We performed flexible fiberoptic bronchoscopy (FFB) on 106 heavy cigarette smokers. Six bronchial biopsy specimens, obtained from the carina and five major bronchi, were screened for squamous metaplasia. Individual biopsy specimens were sectioned into 4-microns sections, and a metaplasia index (MI), or percentage of sections containing squamous metaplasia, was determined. Metaplasia was noted at one or more biopsy sites in 66 of 99 subjects (seven were excluded from the analysis). Twenty-five percent of the subjects showed metaplasia at three or more biopsy sites, and one subject had metaplasia on all six biopsy specimens. The presence of squamous metaplasia varied from 40.4 percent in the right lower lobe to 15.3 percent in the left upper lobe. The subjects were grouped into simple categories based on the number of packs smoked per day and the pack-year history of smoking.
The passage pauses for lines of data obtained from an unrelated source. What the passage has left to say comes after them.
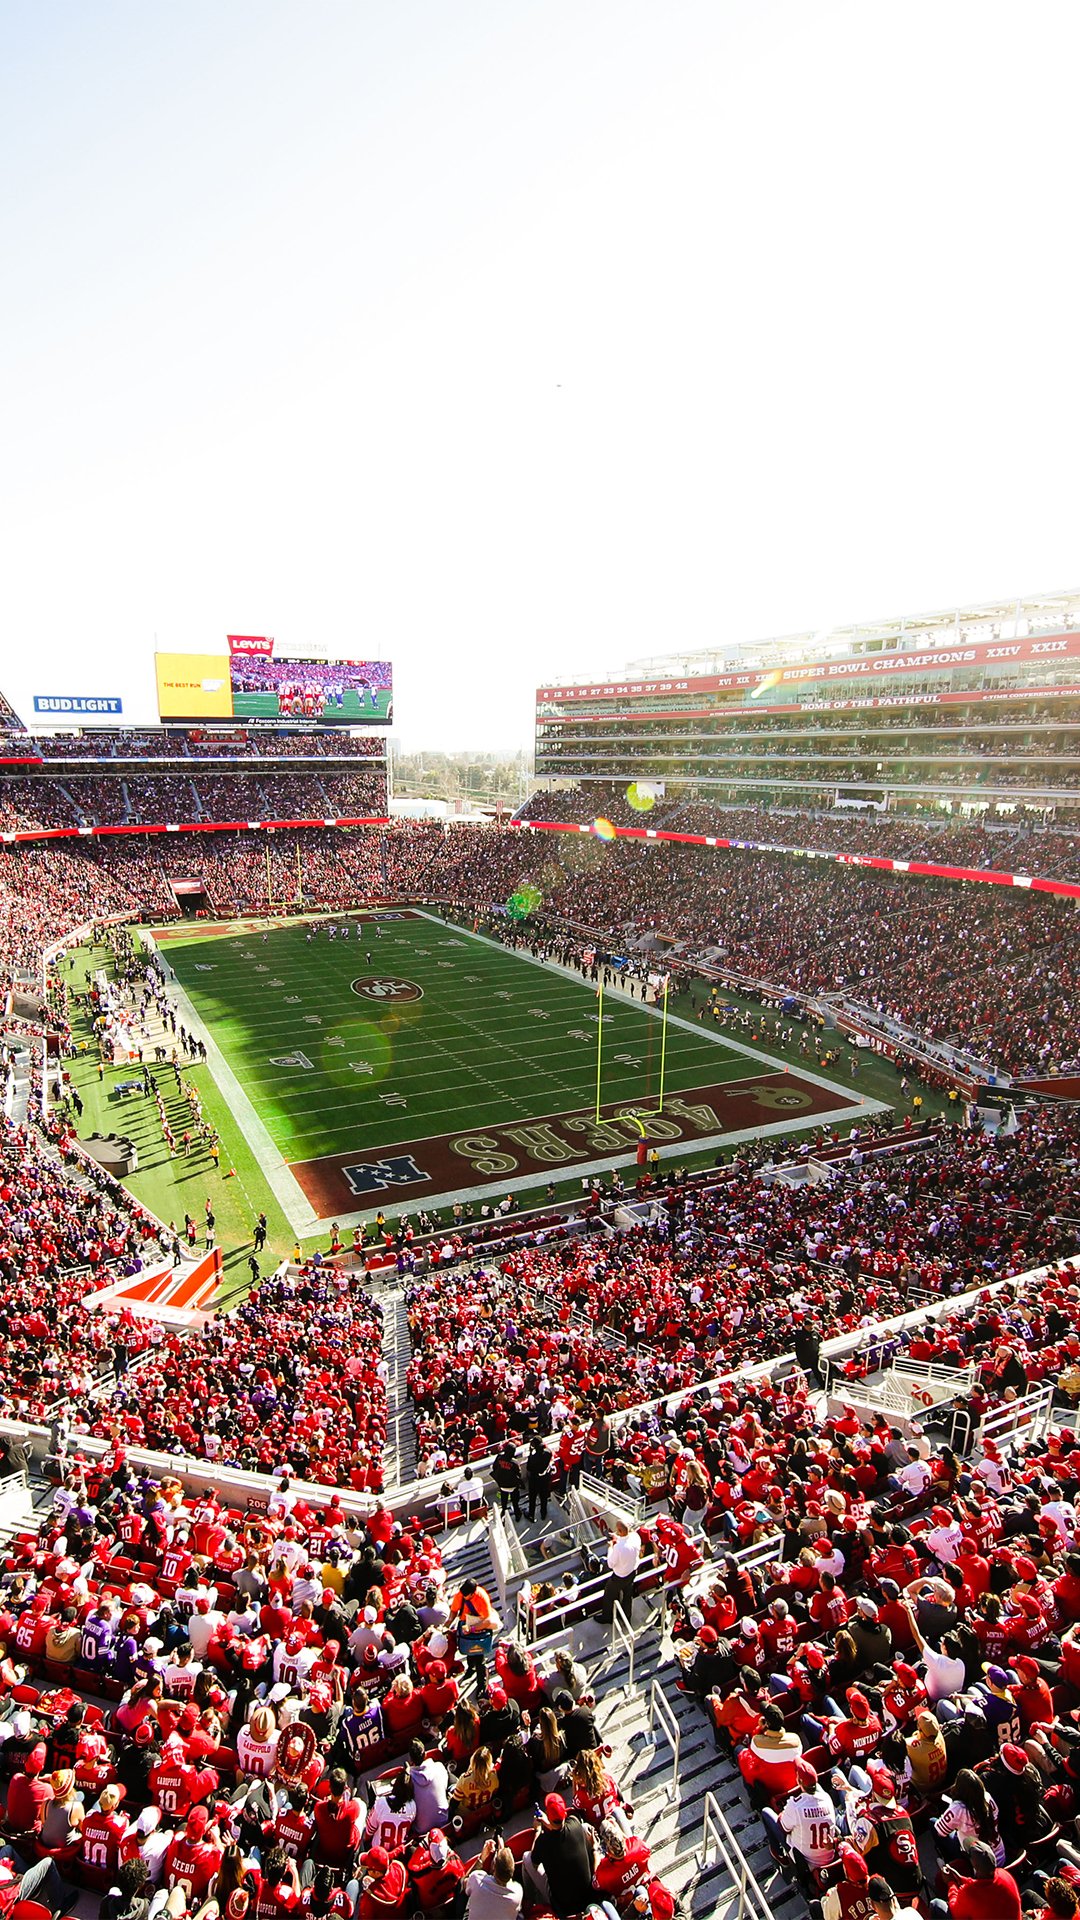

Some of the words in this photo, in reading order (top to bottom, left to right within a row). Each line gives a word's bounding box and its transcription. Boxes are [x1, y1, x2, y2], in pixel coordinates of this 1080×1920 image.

[718, 678, 732, 686] XVI
[736, 676, 750, 684] XIX
[783, 667, 825, 680] SUPER
[828, 662, 869, 674] BOWL
[873, 650, 976, 669] CHAMPIONS
[986, 646, 1022, 658] XXIV
[1030, 640, 1068, 654] XXIX
[617, 686, 628, 694] 34
[646, 684, 657, 692] 37
[674, 682, 688, 690] 42
[38, 698, 72, 710] BUD
[73, 699, 118, 712] LIGHT
[801, 701, 832, 711] HOME
[834, 700, 848, 709] OF
[850, 698, 874, 708] THE
[878, 695, 941, 706] FAITHFUL
[348, 1061, 374, 1074] 20
[378, 1092, 407, 1107] 10
[1020, 1324, 1033, 1339] 21
[998, 1469, 1012, 1488] 10
[248, 1499, 268, 1510] 206
[120, 1526, 132, 1540] 10
[310, 1539, 321, 1554] 21
[162, 1558, 178, 1578] 10
[16, 1626, 35, 1648] 85
[82, 1634, 96, 1660] 10
[279, 1662, 298, 1686] 10
[997, 1716, 1022, 1746] 82
[242, 1740, 272, 1754] GAROPPOLO
[243, 1754, 264, 1773] 10
[156, 1776, 182, 1787] GAROPPOLO
[158, 1790, 178, 1812] 10
[86, 1826, 110, 1841] GAROPPOLO
[279, 1824, 304, 1842] GAROPPOLO
[380, 1821, 412, 1850] 80
[810, 1822, 834, 1850] 10
[84, 1840, 108, 1867] 10
[896, 1834, 917, 1863] SF
[172, 1857, 196, 1874] DEEBO
[621, 1862, 640, 1884] CRAIG
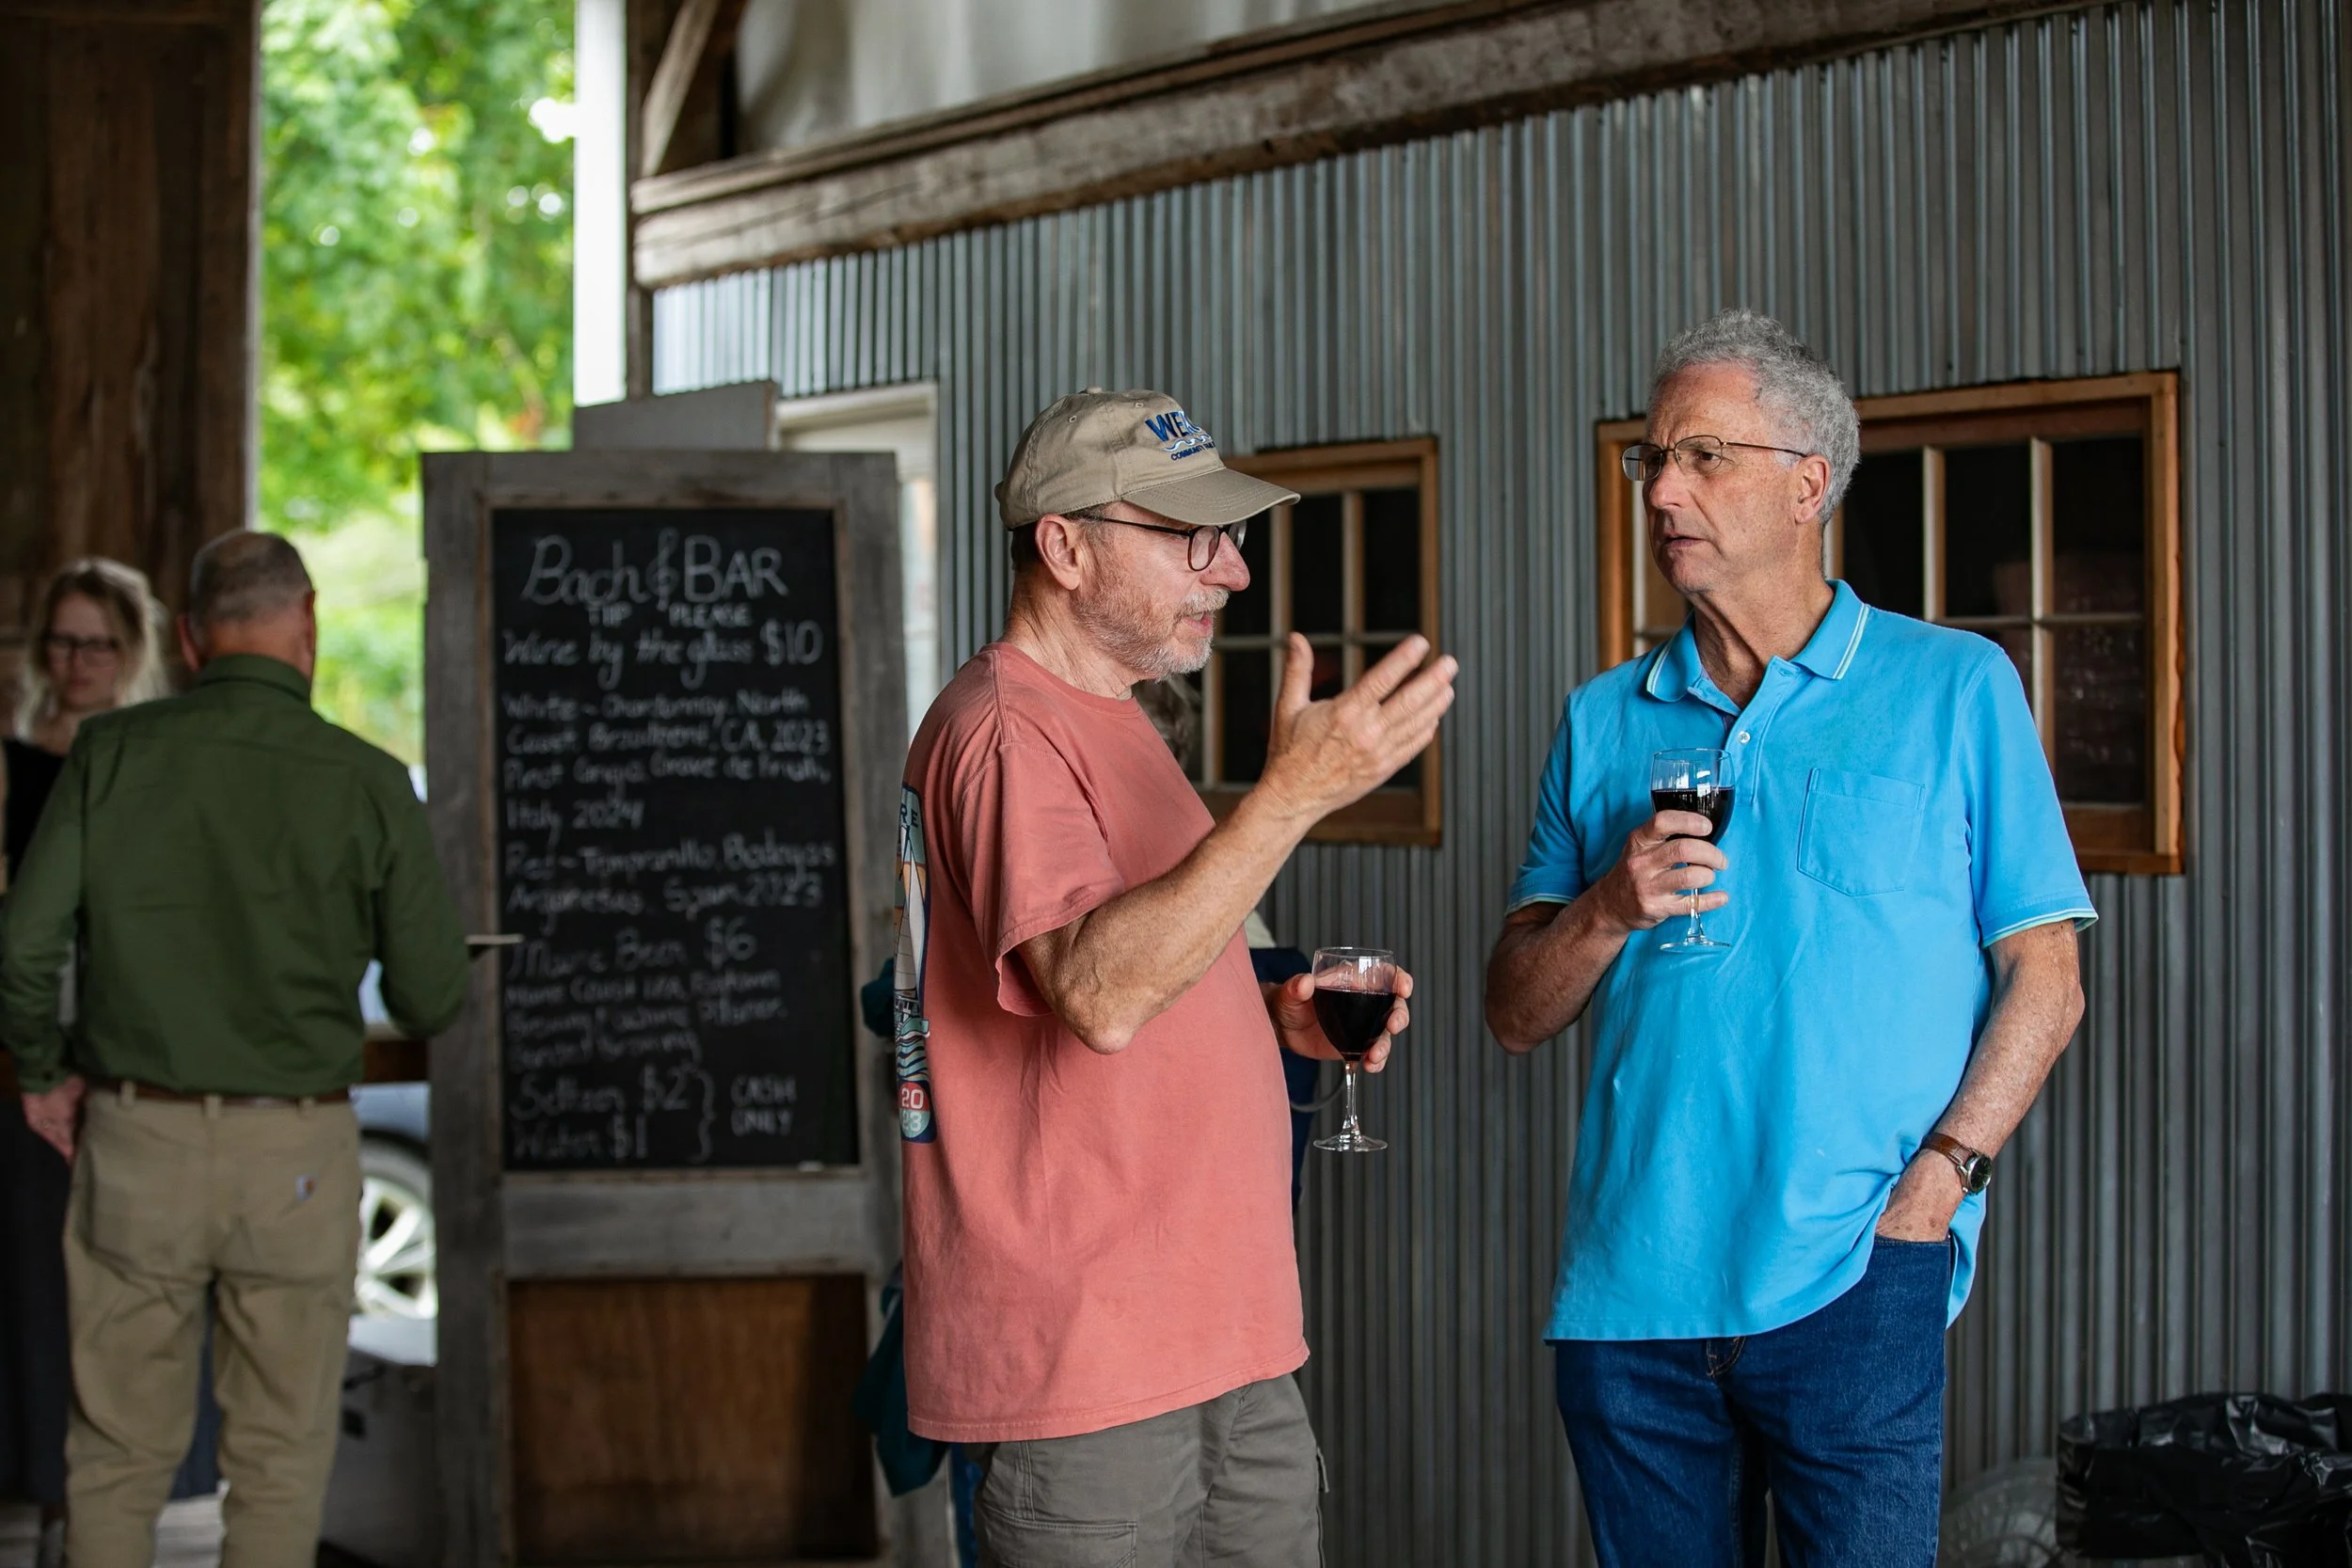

Subjects who smoked more than two packs per day (n = 11) had the highest MI (37.4 +/- 4.9 percent, mean +/- SEM). Fifty-seven subjects smoked more than one pack per day but fewer than or equal to two packs per day, and they had a mean MI of 22.3 +/- 2.9 percent. Subjects who smoked one pack per day or less (n = 31) had a mean MI of only 12.9 +/- 2.8 percent. The MI of those who smoked more than two packs per day was significantly greater than the MI of those who smoked one pack per day or less (p < or = 0.003). While the MI varied from 12.9 +/- 3.5 percent in subjects who had smoked less than 20 pack-years to a maximum of 29.1 +/- 4.5 percent in those who had smoked greater than 60 pack-years, no statistically significant difference was detected between these two groups. Thus, we conclude that heavy tobacco use is associated with important alterations of bronchial mucosa. Furthermore, the intensity of tobacco use (packs per day) rather than the number of pack-years appears to be the more important factor in promoting squamous metaplasia of the bronchial mucosa.